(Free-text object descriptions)
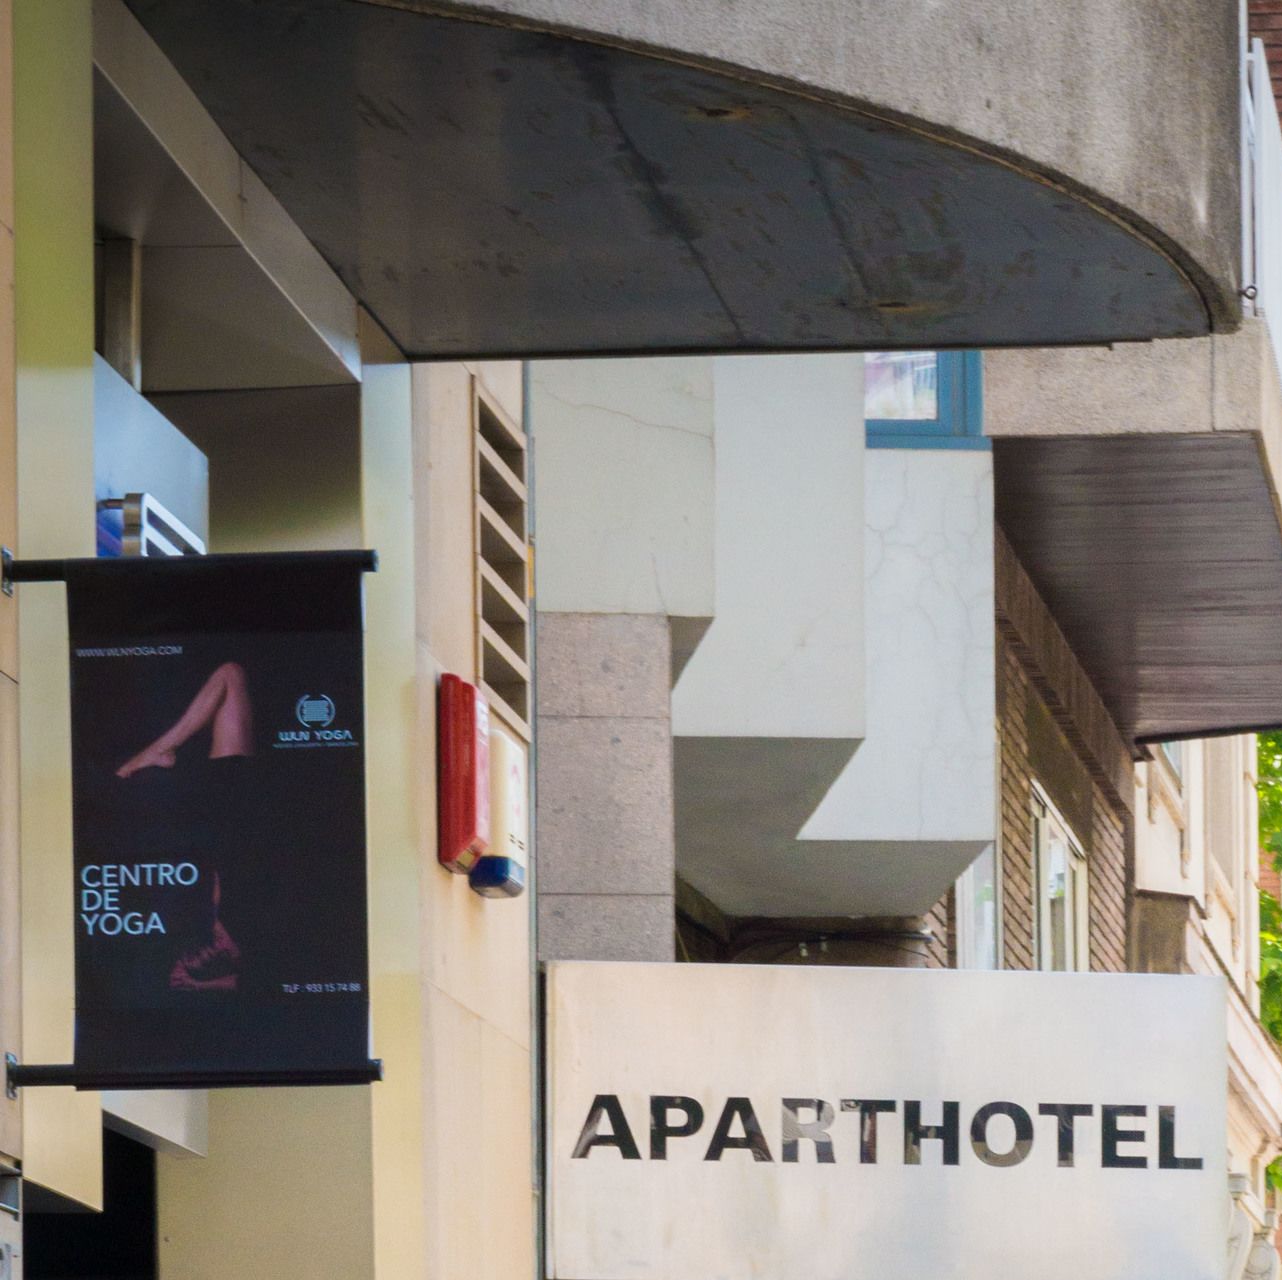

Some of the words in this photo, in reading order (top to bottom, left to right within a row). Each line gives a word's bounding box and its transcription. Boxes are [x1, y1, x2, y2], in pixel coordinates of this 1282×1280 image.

[314, 729, 353, 741] YOGA
[81, 862, 199, 888] CENTRO
[81, 889, 120, 911] DE
[80, 911, 167, 936] YOGA
[571, 1093, 1205, 1171] APARTHOTEL

## Aim of the task:
Transcribe every line of the records exactly. Pictures do not belong in the copy.

## Solution to this exercise:
Some of the words in this photo, in reading order (top to bottom, left to right within a row). Each line gives a word's bounding box and its transcription. Boxes are [x1, y1, x2, y2], in pixel coordinates of this 1282×1280 image.

[314, 729, 353, 741] YOGA
[81, 862, 199, 888] CENTRO
[81, 889, 120, 911] DE
[80, 911, 167, 936] YOGA
[571, 1093, 1205, 1171] APARTHOTEL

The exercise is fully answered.